18                  This appears to be the same claim as was dismissed by the ACT Magistrate, and held to be an abuse of process by Greg James J. The only significant difference is that the respondent relies additionally on the imperial statute of 4 Henry VII c 20 (Penal Actions) (1488-1489) in claiming that the disposal of these matters has not discharged the indictments he has laid, this only being possible by jury.  However, the respondent misconceives the purpose of this statute, which, as its title states, is intended to regulate instances where ‘Actions popular, [are] prosecuted by Collusion’.  The only section in this statute relating to a jury provides that a court will not hear a claim that a popular (ie Qui Tam) action was brought by collusion where the initial action was disposed of by a jury. 

19                  The consequence is that, leaving aside the fact that the authority of the respondent to proceed in the Supreme Court of Tasmania in this manner has not been established, the proceedings purportedly commenced on 14 May 2004 may therefore be taken as raising the same issues as the New South Wales proceedings, and may be dealt with in the same way.

The respondent’s oral submissions

20                  The respondent made a number of oral submissions in addition to the grounds relied upon in the affidavits referred to above.  The common thread throughout these submissions was that it was incorrect to say that the Act ‘stands alone, and it’s not part of a matrix of laws’.  The matrix adverted to by the respondent was said to include the Privacy Act 1988 (Cth) (‘the Privacy Act’) and the International Covenant on Civil and Political Rights 999 UNTS 171, 6 ILM 386 (entered into force 23 March 1976) (‘ICCPR’) (Australia is a party to the ICCPR, and the full text is set out in Schedule 2 of the Human Rights and Equal Opportunity Commission Act 1986 (Cth)).

21                  While it is true that the Privacy Act and, to a more limited extent, the ICCPR form part of Australian law (see Minister for Immigration and Ethnic Affairs v Teoh (1995) 183 CLR 273; Re Minister for Immigration and Multicultural Affairs; Ex parte Lam (2003) 77 ALJR 699 at [65]-[67] (McHugh and Gummow JJ), [120-122] (Hayne J), [145]-[148] (Callinan J)), the respondent has not established that these instruments impact upon what would otherwise be the operation of the Act.
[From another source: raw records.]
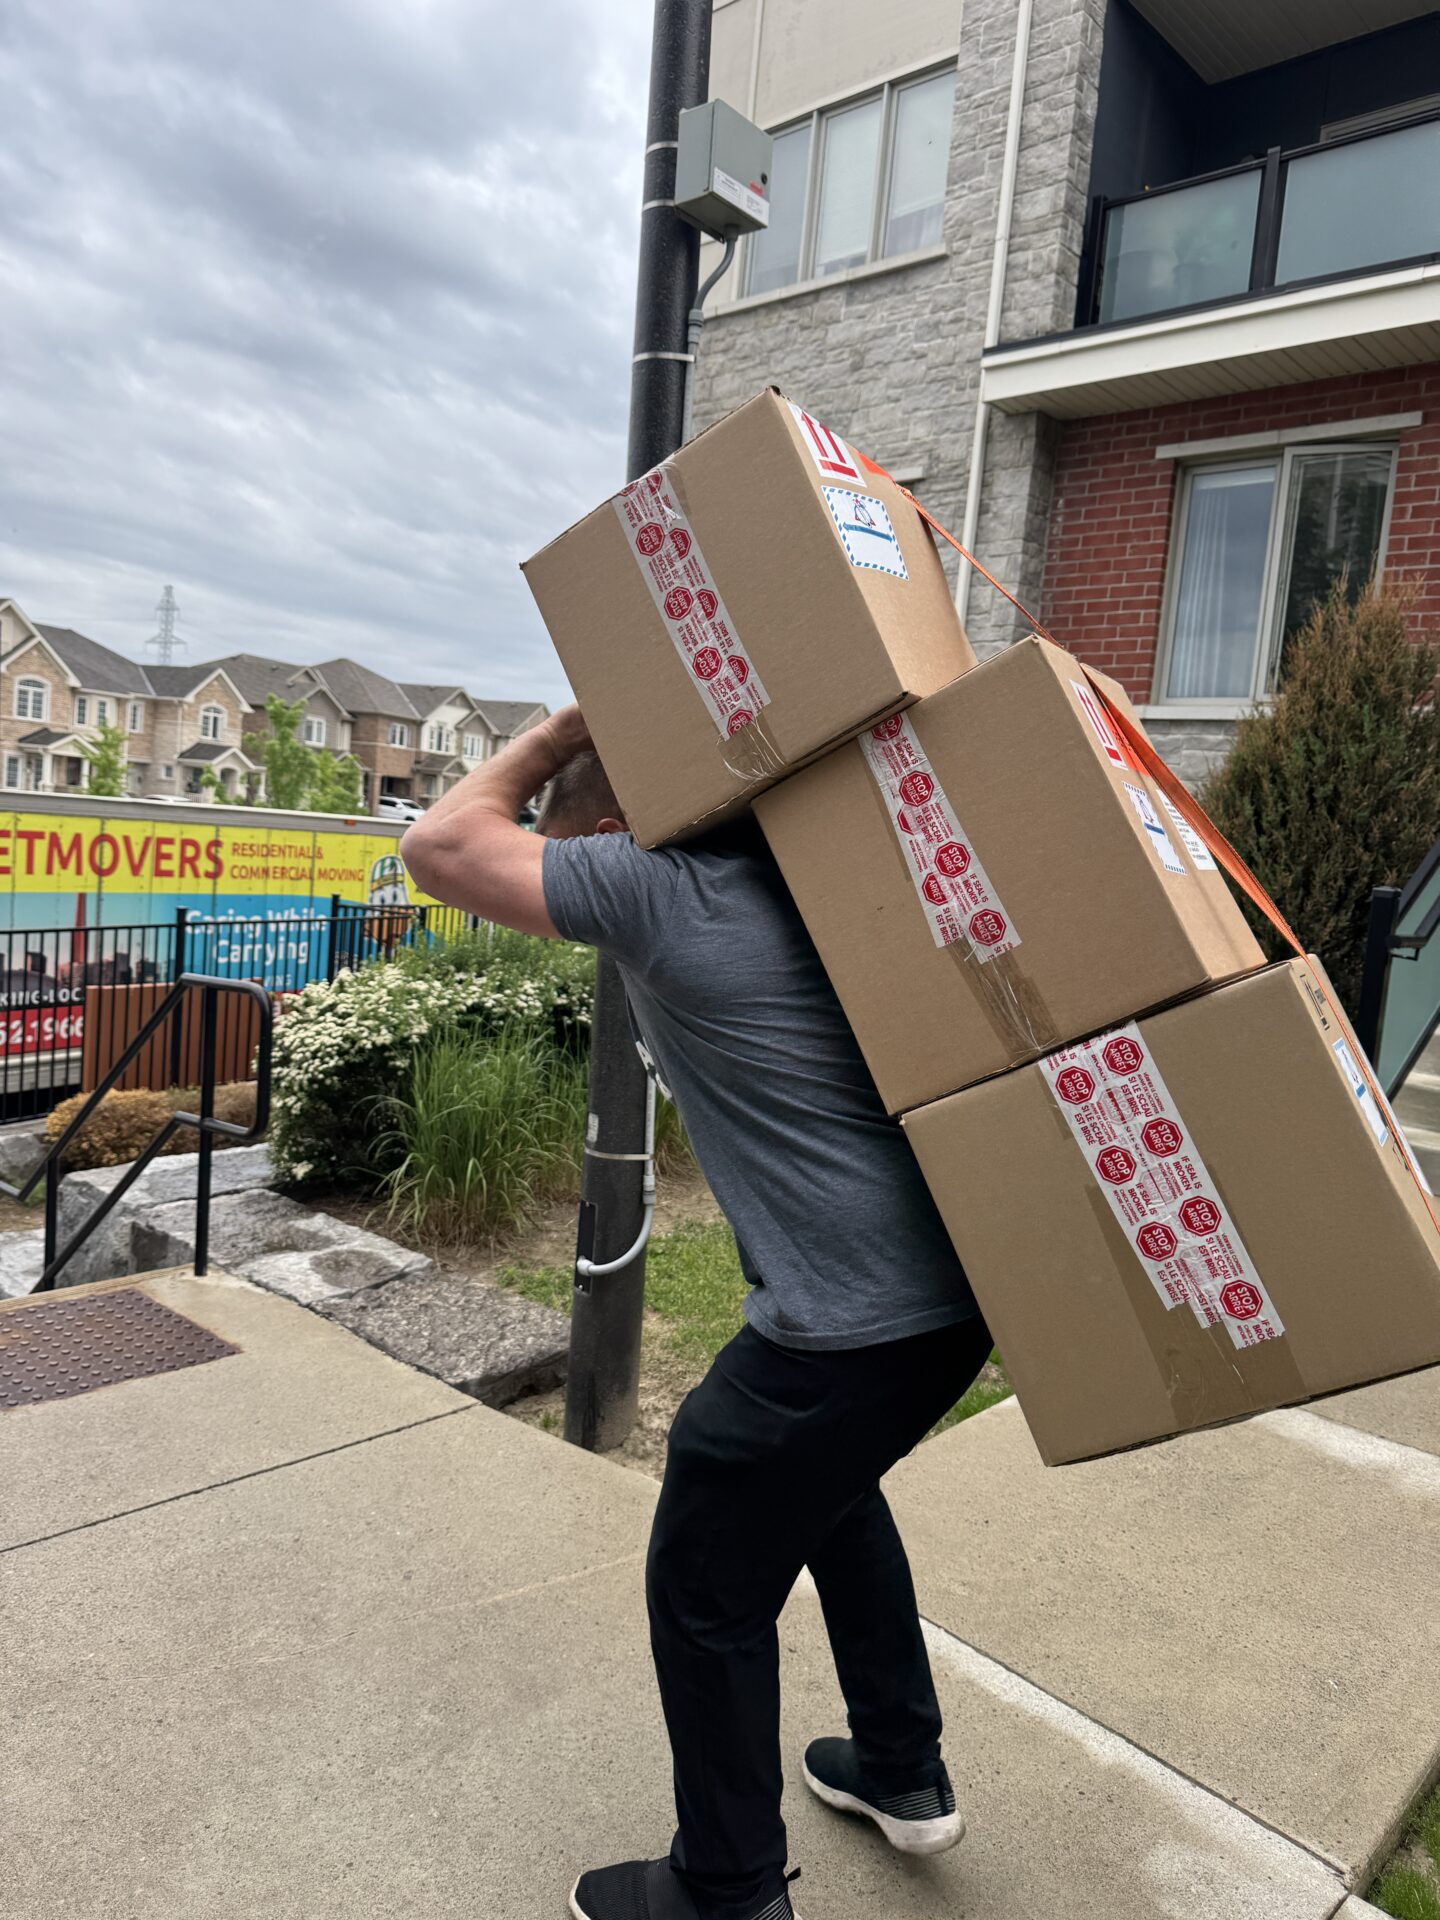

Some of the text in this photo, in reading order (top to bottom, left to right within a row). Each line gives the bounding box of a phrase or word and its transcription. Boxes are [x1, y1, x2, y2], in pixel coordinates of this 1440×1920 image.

[639, 531, 654, 551] STOP
[667, 595, 683, 616] STOP
[696, 655, 711, 676] STOP
[912, 775, 929, 797] STOP
[915, 815, 925, 826] EST
[924, 813, 933, 822] LE
[929, 821, 944, 843] SCEAU
[231, 842, 313, 859] RESIDENTIAL
[947, 846, 965, 869] STOP
[230, 865, 365, 882] COMMERCIAL MOVING
[962, 878, 979, 905] BROKEN
[972, 880, 985, 896] SEAL
[185, 908, 327, 938] Caring While
[934, 914, 944, 925] EST
[944, 914, 954, 923] LE
[982, 914, 1000, 937] STOP
[212, 936, 309, 966] Carrying
[1118, 1042, 1138, 1066] STOP
[1070, 1072, 1090, 1095] STOP
[1119, 1084, 1131, 1096] EST
[1127, 1076, 1154, 1117] SI LE SCEAU
[1074, 1113, 1085, 1125] EST
[1084, 1112, 1094, 1121] LE
[1089, 1121, 1107, 1145] SCEAU
[1156, 1123, 1176, 1148] STOP
[1110, 1151, 1130, 1176] STOP
[1180, 1155, 1202, 1189] IF SEAL IS
[1171, 1161, 1192, 1190] BROKEN
[1127, 1188, 1147, 1217] BROKEN
[1139, 1190, 1152, 1206] SEAL
[1148, 1207, 1157, 1215] IS
[1195, 1202, 1215, 1227] STOP
[1151, 1227, 1171, 1252] STOP
[1205, 1236, 1214, 1244] SI
[1209, 1245, 1219, 1254] LE
[1197, 1245, 1210, 1258] EST
[1157, 1270, 1168, 1282] EST
[1163, 1261, 1173, 1269] SI
[1167, 1269, 1178, 1279] LE
[1213, 1254, 1232, 1280] SCEAU
[1196, 1294, 1208, 1306] EST
[1236, 1286, 1256, 1311] STOP
[1261, 1319, 1270, 1327] IF
Setting aside the Creditor’s Petition

22                  The authorities establish that the existence of a genuine and serious claim which the respondent has against the CBA, but which he has not been able to litigate, may provide sufficient cause for the dismissal or adjournment of the CBA’s Creditor’s Petition.  If the costs order made by the ACT Magistrate on 5 August 2003 was obtained by fraud on the part of the CBA, or was a miscarriage of justice, or was made because the CBA knowingly put forward a false case in support of the dismissal of the summons, then this may provide sufficient reason for the dismissal of the Creditor’s Petition presented by the CBA.

23                  The respondent appealed from the Magistrate’s decision dismissing the summons with costs assessed at $2,000.00, but that appeal was struck out by order of Master Hooper of the Supreme Court of the ACT on 5 December 2003.  So far as the evidence before me goes, there is no pending appeal from the costs order which is the foundation for the bankruptcy petition.  Nor is there any evidence (leaving aside the respondent’s unsupported assertion) that the CBA was guilty of fraud or other improper conduct in connection with the making of that order so as to warrant a bankruptcy court going behind the order.
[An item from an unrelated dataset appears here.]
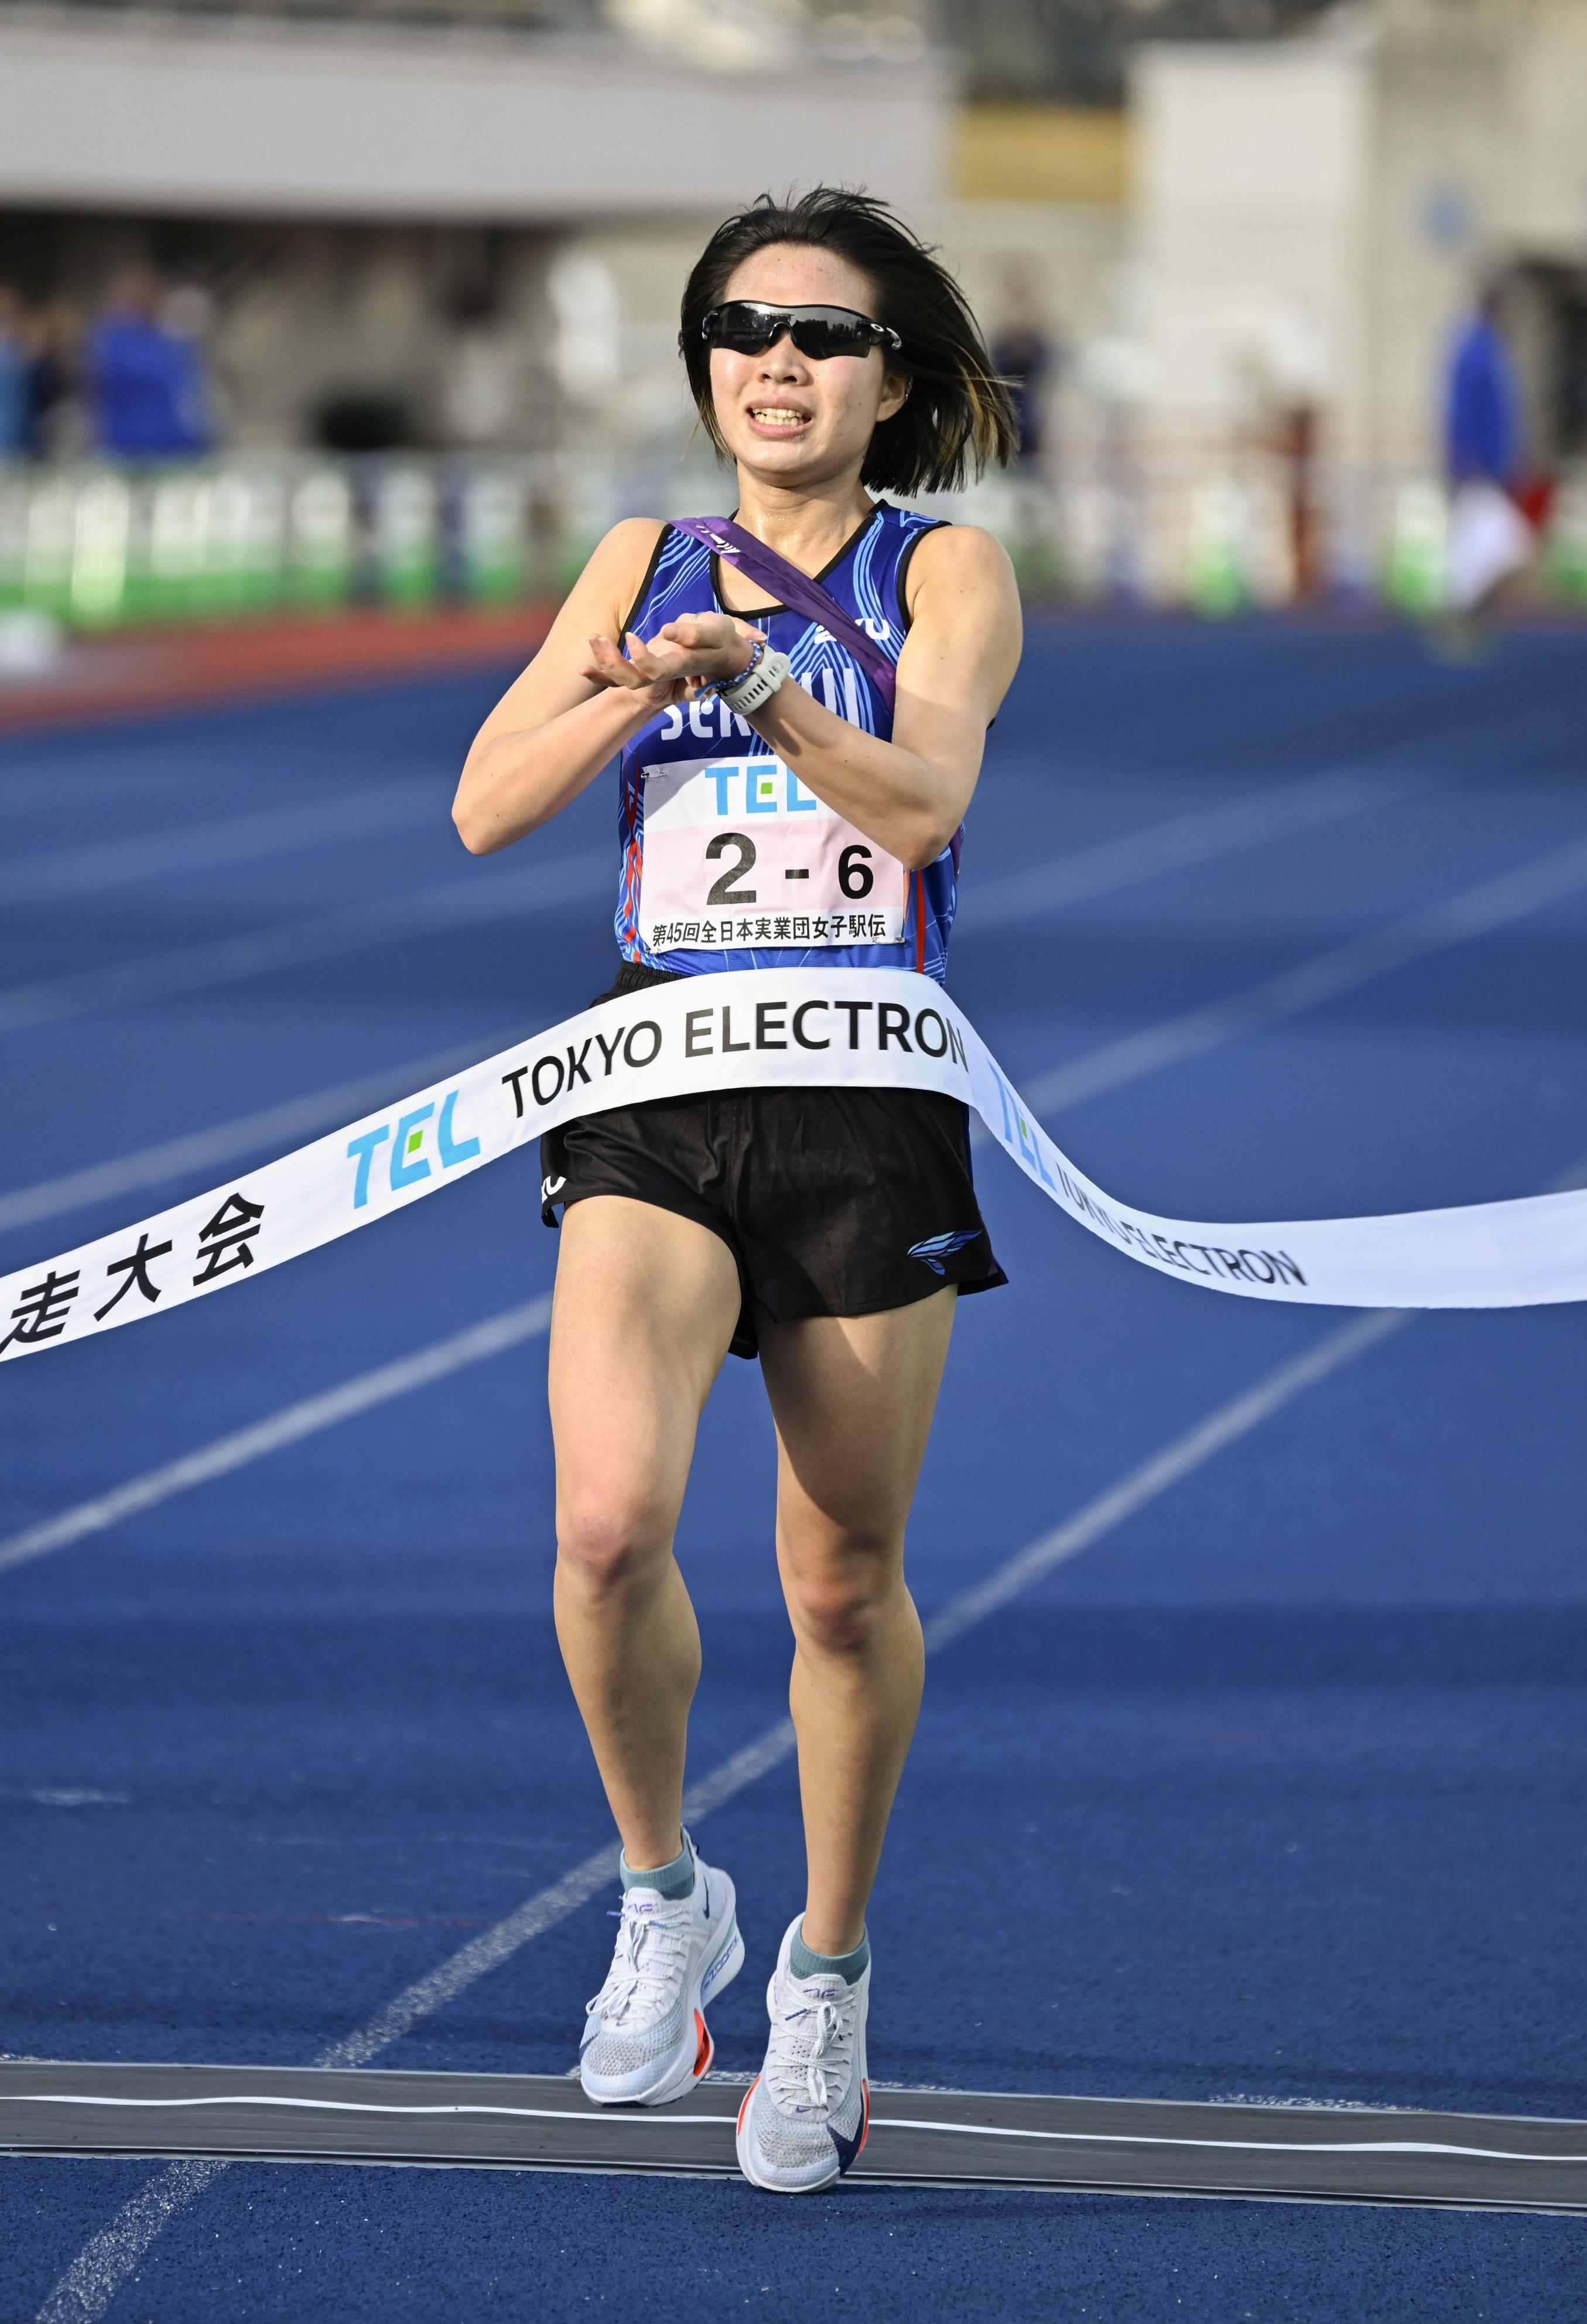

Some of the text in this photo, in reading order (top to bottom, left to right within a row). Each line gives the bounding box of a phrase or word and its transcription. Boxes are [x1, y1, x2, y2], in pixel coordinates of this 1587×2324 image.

[704, 764, 816, 816] TEL
[652, 913, 886, 946] 第45回全日本実業団女子駅伝
[347, 1000, 969, 1209] TEL TOKYO ELECTRON
[1120, 1220, 1309, 1287] ELECTRON
24                  Adams J and Greg James J dismissed as an abuse of process the respondent’s broader claim against the CBA, and those decisions are a barrier in the way of the respondent’s contention that he has a genuine and serious claim against the CBA which is likely to succeed if he is permitted to litigate the claim.

25                  The respondent describes his claim against the CBA as a Qui Tam action based on 22 and 23 Car 2 c 22 (Fines and Forfeiture to the Crown) (1670-1671) which he asserts is part of the received Australian law.  Alternatively, his claim is based on s 13 of the Crimes Act, or s 122 of the Fines Act 1996 (NSW) (‘the Fines Act’).

Qui Tam action

26                  The 94th Report of the Law Reform Committee of South Australia to the Attorney-General (1985) describes ‘Qui Tam’ as an abbreviation of ‘qui tam pro domino rege quam pro se ipso sequitur’ which means ‘who as well for our lord the King, as for himself sues’.  Qui Tam actions are sometimes called ‘popular actions’ and the bringer is called a ‘common informer’.  A common informer has been described as:

‘…a private person suing for his own benefit to recover a statutory penalty.  … the expression “common informer” is only used to distinguish him from a state or official informer such as His Majesty’s Attorney-General.’

(Tranton v Aster (1917) 33 TLR 383 at 385 per Low J)

27                  The type of action brought by a common informer has been described as:

‘… a penal action, in the form of proceeding invented by Parliament for ensuring that laws should not be a dead letter.  In order to provide that laws should not become a dead letter by reason of the circumstances that no prosecutor, official or private, comes forward, Parliament has in these cases enlisted the motive of private greed to ensure that the offender shall be made to smart for his offence, by enabling any person to come forward and claim certain sums of money which, in many cases, as in this, may be large.’

(Orpen v Haymarket Capital Ltd (1931) 145 LT 614 at 615-616 per Rowlatt J)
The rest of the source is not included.